Saturday 22 November 2008

Still surviving

Most part of the tremendous support enjoyed by religion is based on the terrible fear of dead. It's an unequal mix between pure fear and selfishness (of the kind "I want to survive at any expense, now and the illusory, but better than nothing after-life") and it is quite secure to think about a "life", your life precisely, continuing after your physical death.
Humans set-up rituals of remembering the deaths mostly to be constantly assured themselves too, when not alive, will be remembered somehow. It could be psychologically healthy and the concept of social guilt is, in some respect, compulsory for the members of a family to follow the traditions, whatever the religion or their inner beliefs. Shortly, a huge hypocrisy.
Facing the death of people you fully love is terribly painful, but it's nothing you can do about it. It's not about looking to replace to loved one(s), but to try to reorganize your life (this one you are living right now) from a different perspective, being at least happy of having at least the occasion to experience what others are looking for a whole life without necessarily ever finding. You have the taste of an authenticity, maybe impossible to find lately, but still a real life standard, not an imaginary one. This could be terribly painful too.
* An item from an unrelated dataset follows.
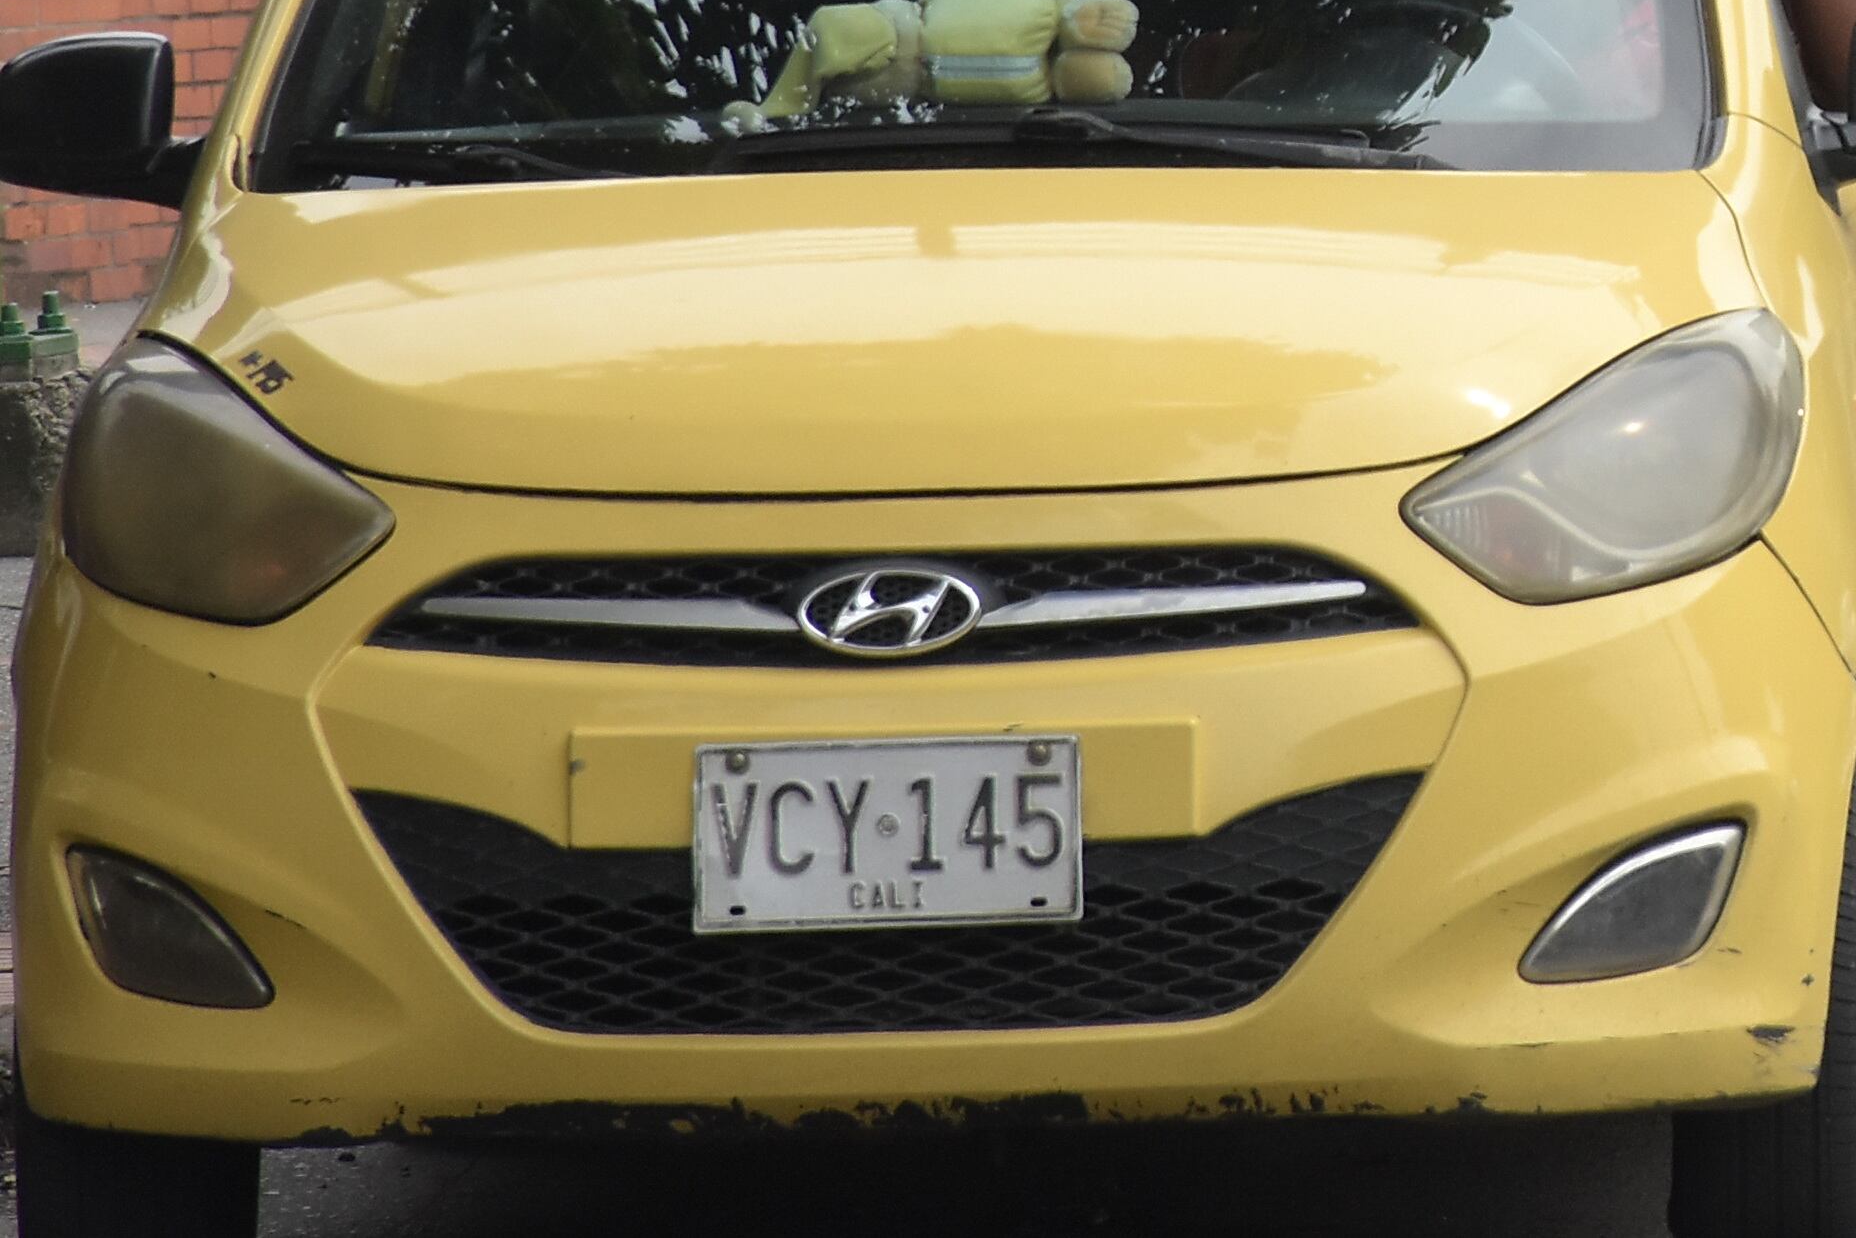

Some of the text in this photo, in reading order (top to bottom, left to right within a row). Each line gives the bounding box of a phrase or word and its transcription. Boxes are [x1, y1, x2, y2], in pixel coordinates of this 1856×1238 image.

[709, 773, 1065, 878] VCY 145
[849, 879, 927, 910] CALI
As an atheist, I took everything as it happened, as facts occurring into my life. Not a single moment felt the need for a prayer, and I don't have/need tombs to put flowers on it, to carefully arrange weekly or to light candles at. A one year Kaddish is nothing and by no way it would alleviate such a loss. But I tried to reorganize the happy memories into a daily life of self-respect, not acceptance of narrow-minded, denial and lies and illusions. I had the chance to know at least one single authentic individual.
Found this morning on richarddawkins.net an interesting account of an Atheist woman who found her own way of living with the grief of loosing the loved one. Without Gods.